Betrübt blicke ich an dem riesigen Gebäudekomplex mit seinen kahlen, glatten Wänden und den vergitterten Fenstern hinauf. Wir können wirklich nicht entkommen! Selbst wenn ich es schaffen würde irgendwie an den Schlüssel für meine Fesseln zu kommen und aus meiner Zelle zu flüchten, wie soll ich dann einen Weg aus dem Gefängnis finden, geschweige denn Lysop?

Da ich allmählich beginne die Kälte des Bodens zu spüren, stehe ich schwerfällig von meinem unbequemen Platz auf und schlurfe über den Hof. Vielleicht habe ich Glück und der Wärter hinter der Tür hat ein Einsehen mit mir und bringt mich zurück zu meiner Zelle. Und hoffentlich ohne Schmerzen.

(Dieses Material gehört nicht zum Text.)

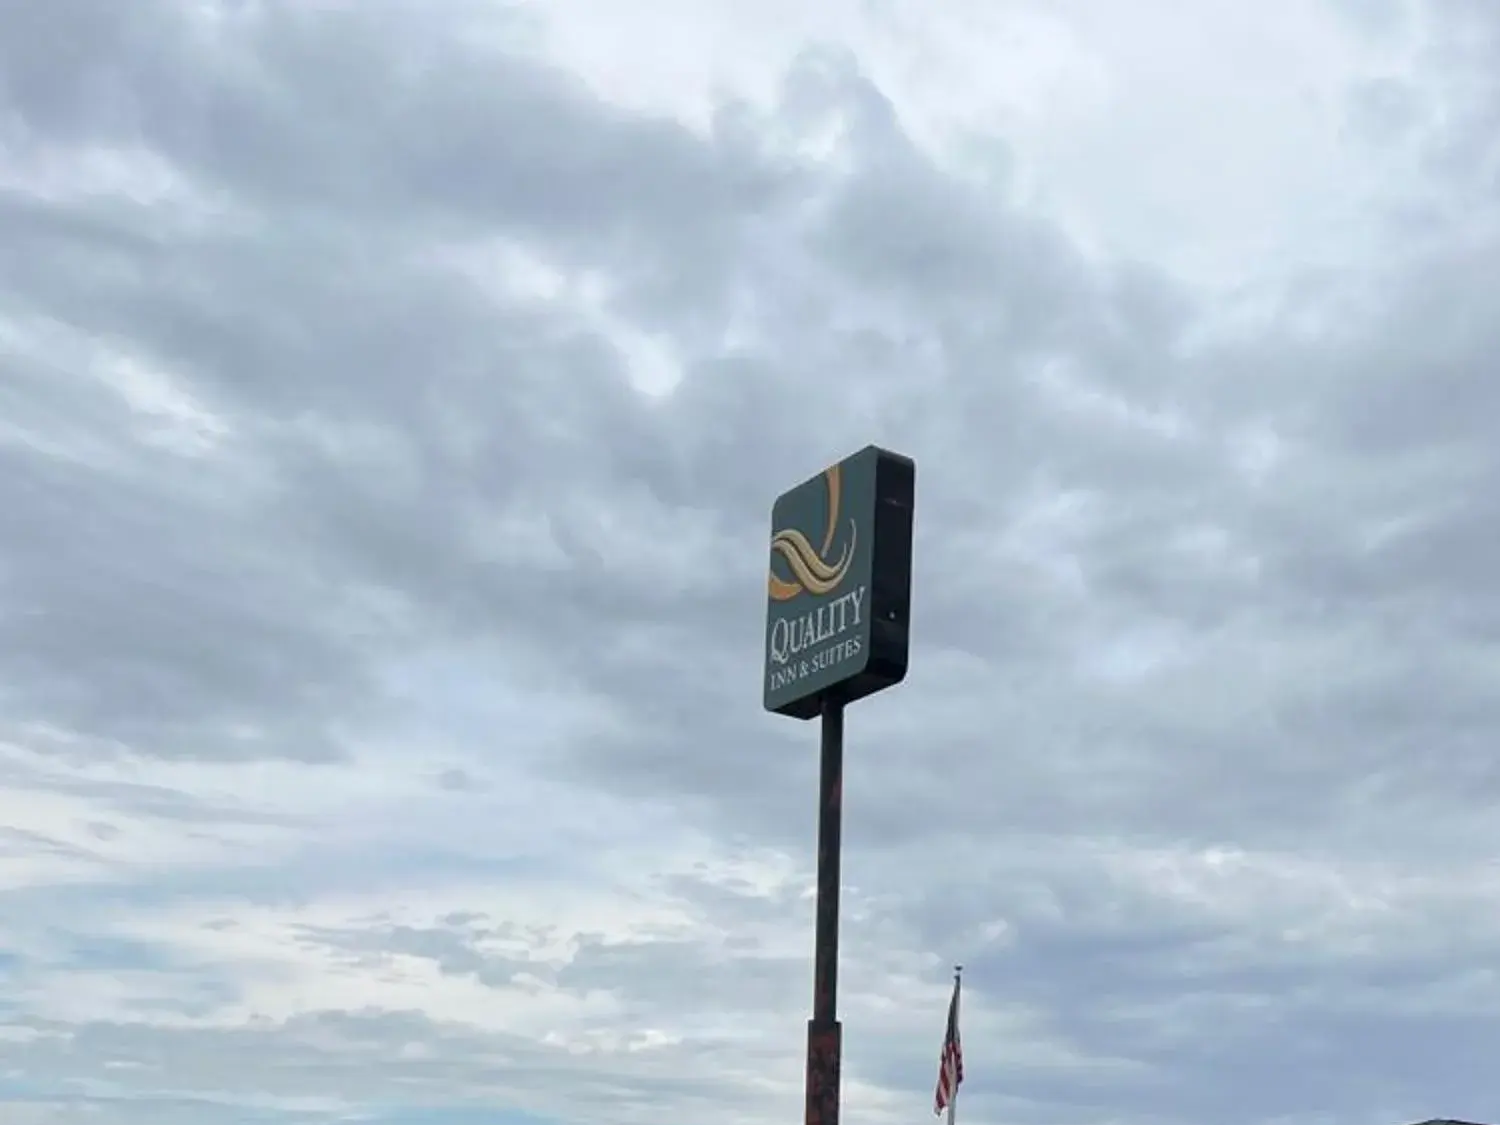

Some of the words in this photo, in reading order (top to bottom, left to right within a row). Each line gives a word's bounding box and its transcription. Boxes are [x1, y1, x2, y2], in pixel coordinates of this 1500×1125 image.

„Okay, Leute. Ich wäre dann jetzt fertig mit dem Zaun.“

Desinteressiert blicke ich zu der kleinen Gruppe am Zaun hinüber. Von meiner Position aus kann ich jetzt besser erkennen, dass der kleine Mann den typisch braunen Overall anhat, den jeder Handwerker trägt. Und wenn ich seine Worte richtig verstanden habe, so hat er wohl den Zaun repariert. Ein wenig bin ich überrascht darüber, da ich mir keinen Grund vorstellen kann, wie es dazu gekommen sein soll. Es sei denn, einer der Häftlinge hat versucht zu flüchten. Wenn das wirklich zutrifft, dann möchte ich gar nicht wissen, was die Soldaten mit dem armen Kerl gemacht haben – oder Ironwhip.

Plötzlich bemerke ich, dass der kahlköpfige Mann mich ansieht.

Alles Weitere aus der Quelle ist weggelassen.